To o całości. Jednak tak jak czasem się zdarza, trafiają się piosenki, które broni ich własny urok, lub jak kto woli - atmosfera. Jeden z tych przykładów, to To Have A Home. Akustyczna gitara, niskie rejestry, do tego banalna solowa partia, która tylko wypełnia przestrzeń oraz prosty beat i wokal Earla, który od zawsze kojarzy mi się trochę z wokalem Devendry Banharta. To samo dotyczy Wouldnt Waste - prostej ballady, której rozbite akordy akustycznej gitary, akompaniują wokalowi. Trwa to zaledwie 169 sekund, ale tyle czasu wystarczy, by wykrzesać z tego zestawu, to co tylko się da. I nawet niezmierzanie donikąd nie przeszkadza. Podobne wrażenie można również uzyskać, przy odtworzeniu What Faces The Sweet.
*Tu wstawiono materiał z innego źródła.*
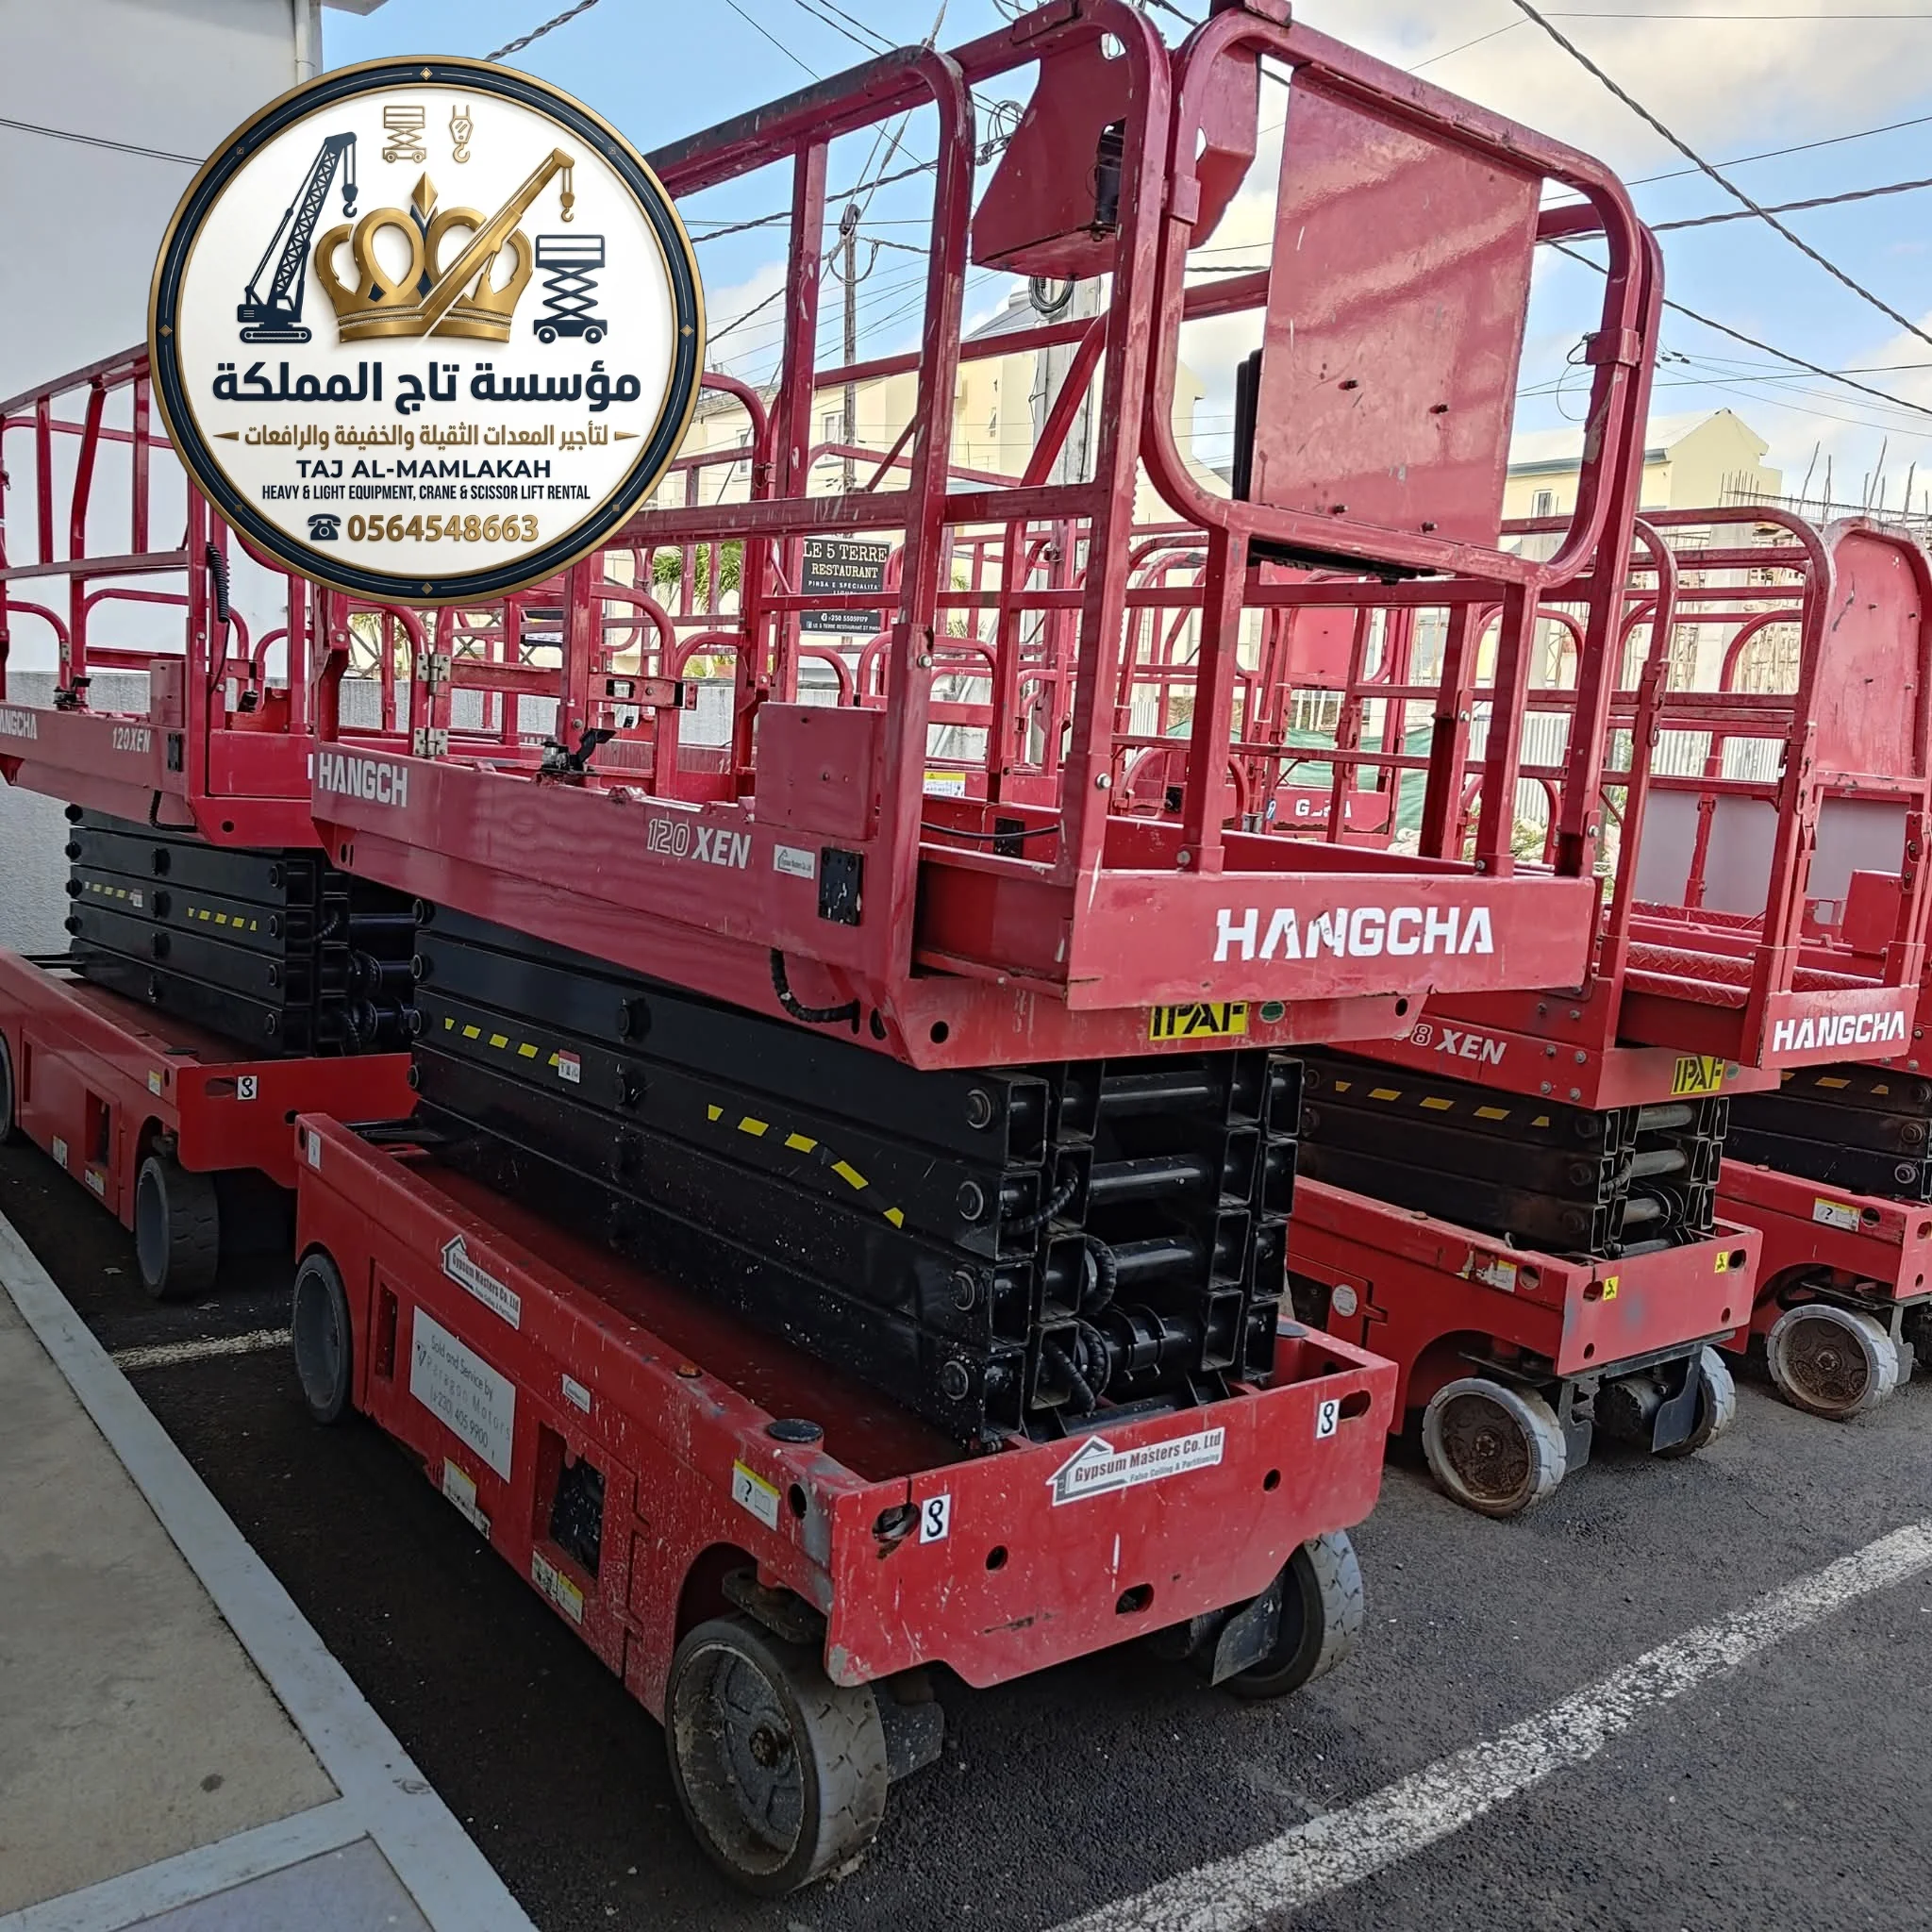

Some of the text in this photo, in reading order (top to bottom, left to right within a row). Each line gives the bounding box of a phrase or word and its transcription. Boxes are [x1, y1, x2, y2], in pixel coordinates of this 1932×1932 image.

[803, 541, 888, 563] LE 5 TERRE
[811, 562, 879, 578] RESTAURANT
[319, 752, 408, 808] HANGCH
[647, 818, 690, 857] 120
[691, 825, 752, 870] XEN
[1213, 907, 1494, 962] HANGCHA
[1410, 1024, 1507, 1065] 8 XEN
[1773, 1010, 1905, 1053] HANGCHA
[1674, 1056, 1724, 1093] IPAF
[431, 1335, 494, 1403] Sold and Service by
[454, 1407, 469, 1431] 405
[469, 1418, 489, 1449] 9900
[1074, 1431, 1223, 1486] Gypsum Masters Co. Ltd
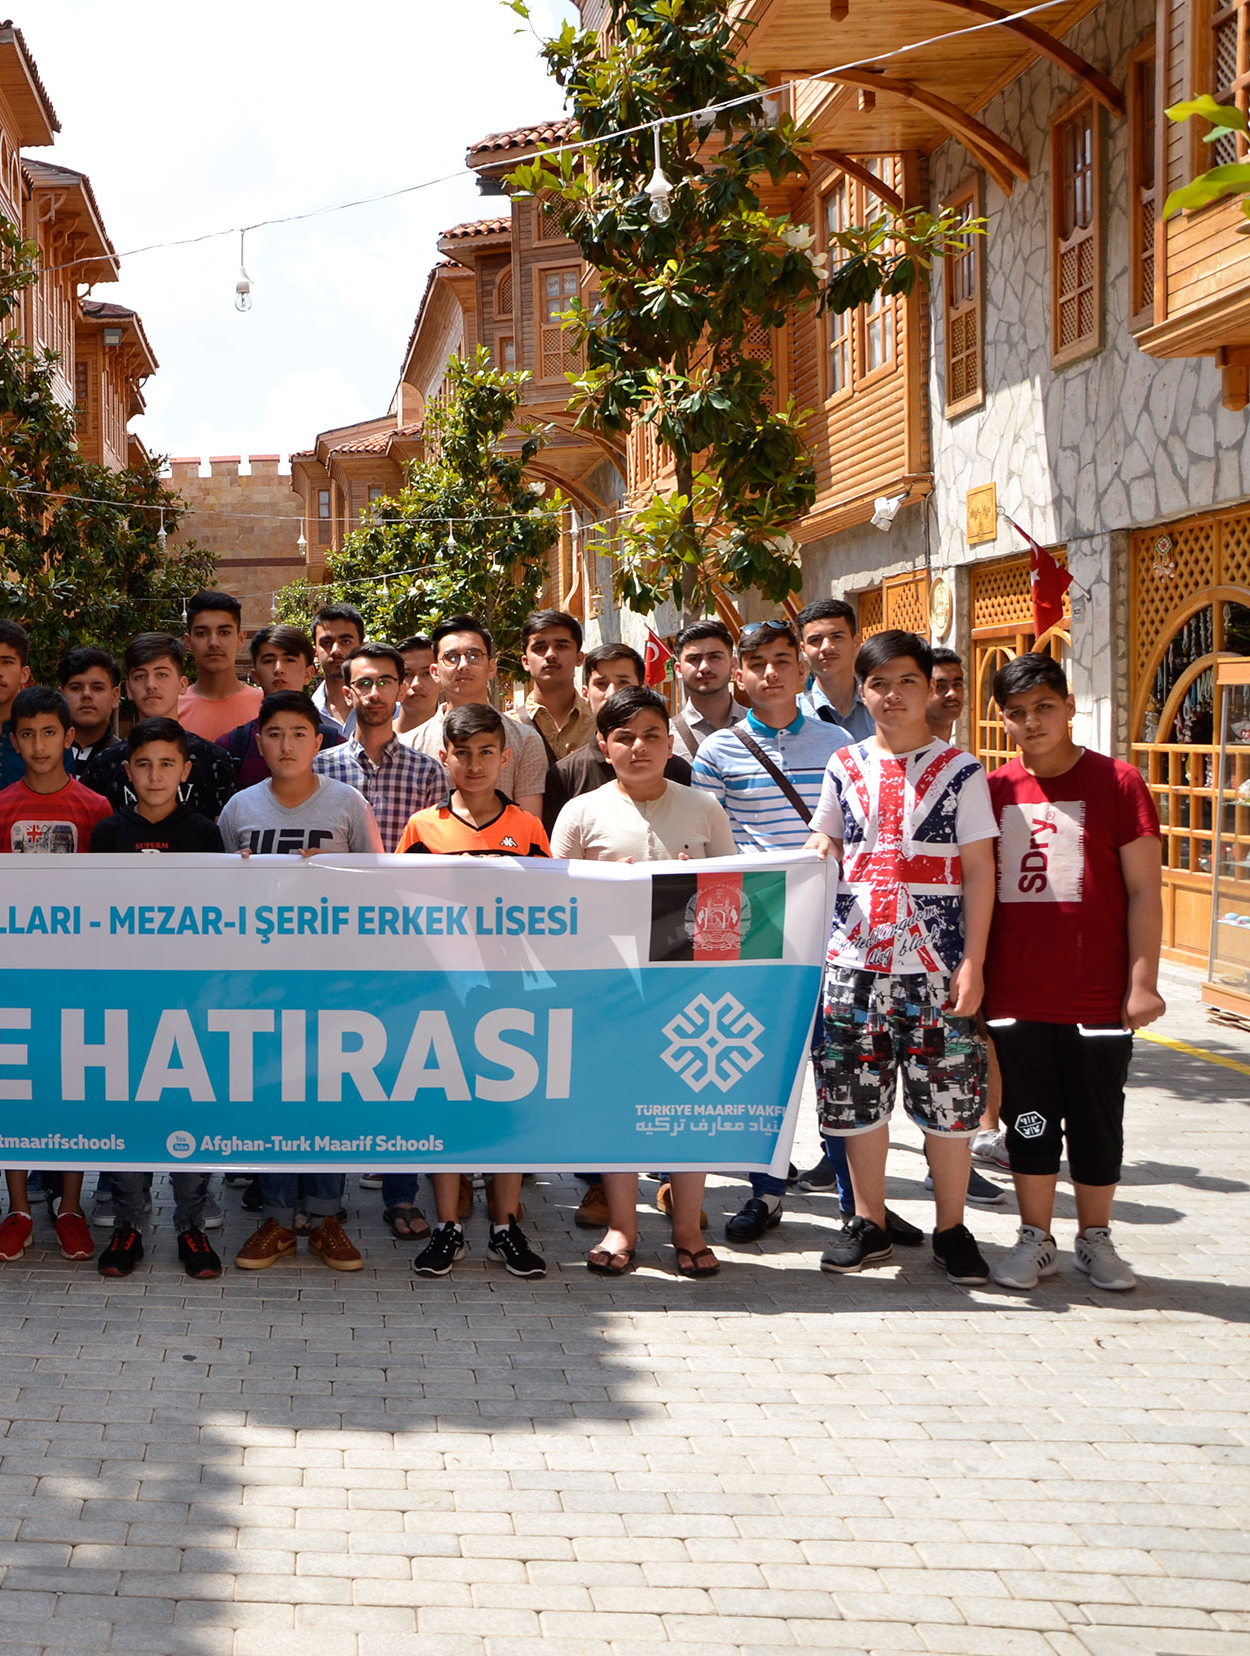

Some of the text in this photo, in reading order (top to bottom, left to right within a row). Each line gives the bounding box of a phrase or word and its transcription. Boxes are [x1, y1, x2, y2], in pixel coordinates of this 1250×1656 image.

[1018, 818, 1057, 893] SDry
[110, 905, 247, 936] MEZAR-I
[255, 897, 350, 945] ŞERİF
[358, 905, 468, 936] ERKEK
[476, 896, 578, 936] LİSESİ
[61, 1007, 574, 1103] HATIRASI
[200, 1135, 444, 1156] Afghan-Turk Maarif Schools
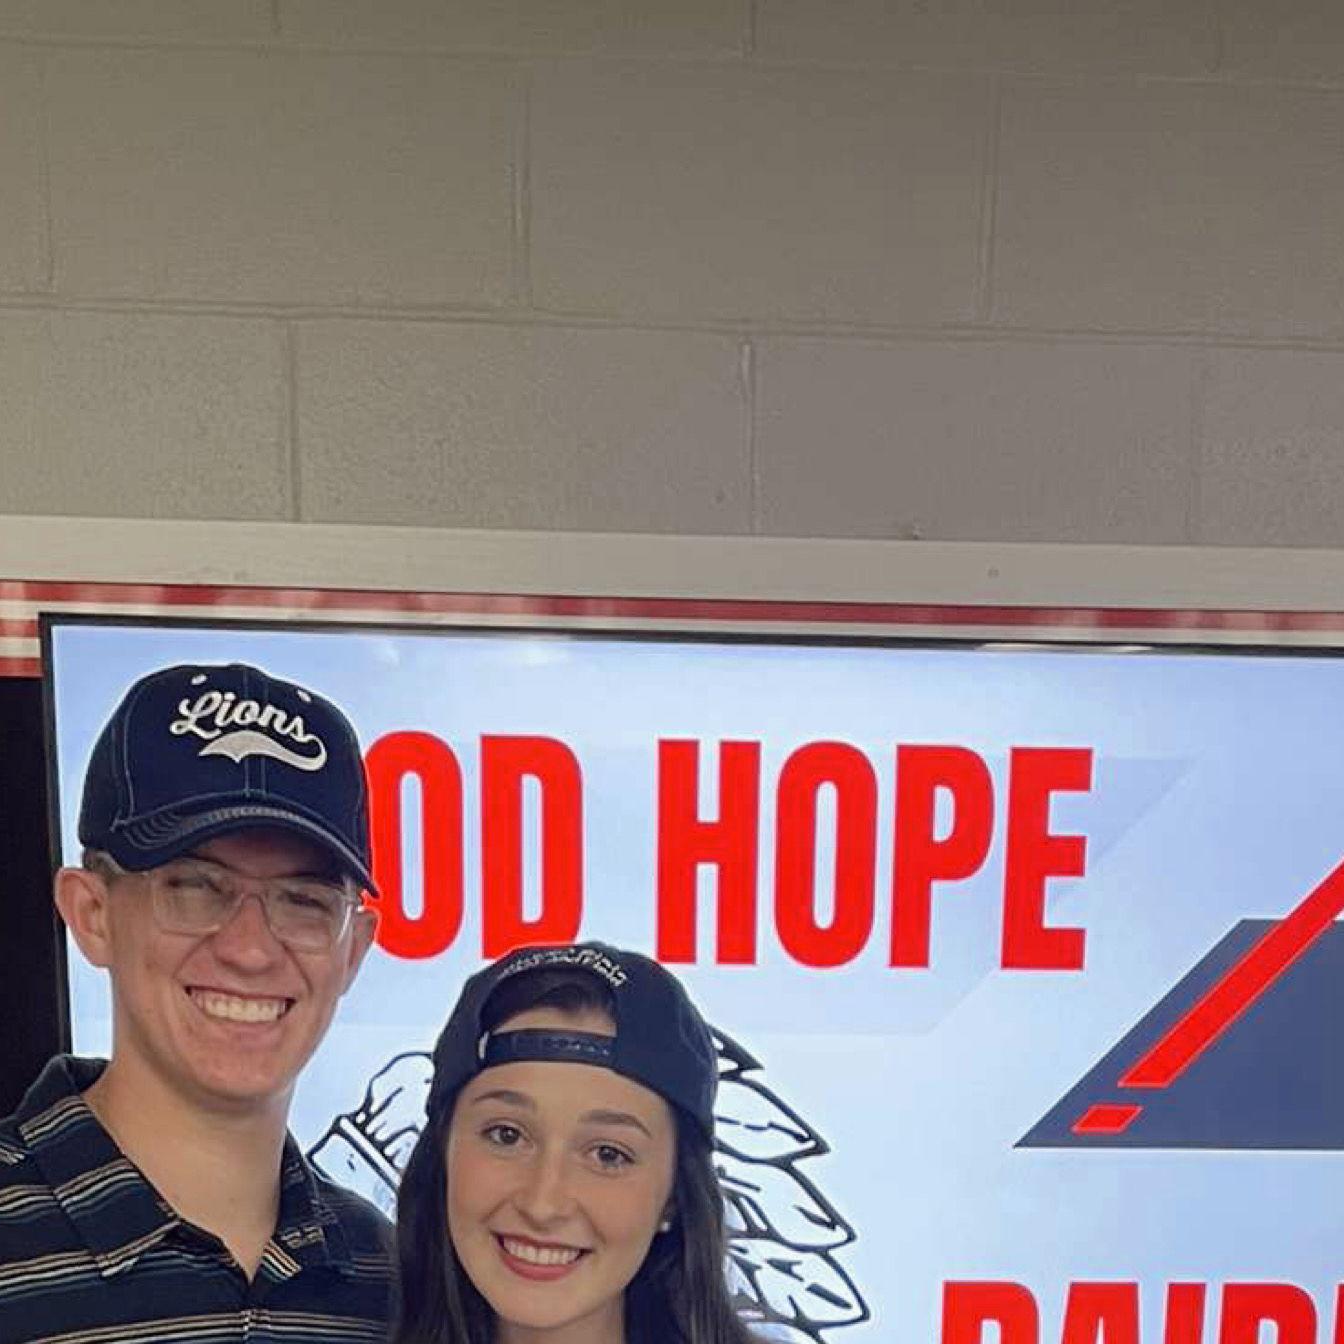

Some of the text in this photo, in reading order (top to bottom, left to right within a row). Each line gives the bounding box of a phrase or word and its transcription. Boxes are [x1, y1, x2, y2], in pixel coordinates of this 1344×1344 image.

[169, 690, 311, 741] Lions
[361, 730, 1094, 971] OD HOPE
Na tym kończą się niewielkie plusy tego niespełna 45 minutowego zbioru piosenek. Przeciętność nie razi, bo to już czwarta z kolei, licząc Woods Family Creeps, płyta w identycznej stylistyce. Widać jednak, że może im się trochę nie chciało albo po prostu polubili swoje brzmienie na tyle, by w przyszłości grać covery samych siebie. Kto wie. Jak ktoś jednak włączy mi to do sprzątania albo do czytania, to nawet nie zauważę a z playlisty również nie wyrzucę. Tak bardzo ta płyta jest fajna. 4/10 [Paweł Samotik]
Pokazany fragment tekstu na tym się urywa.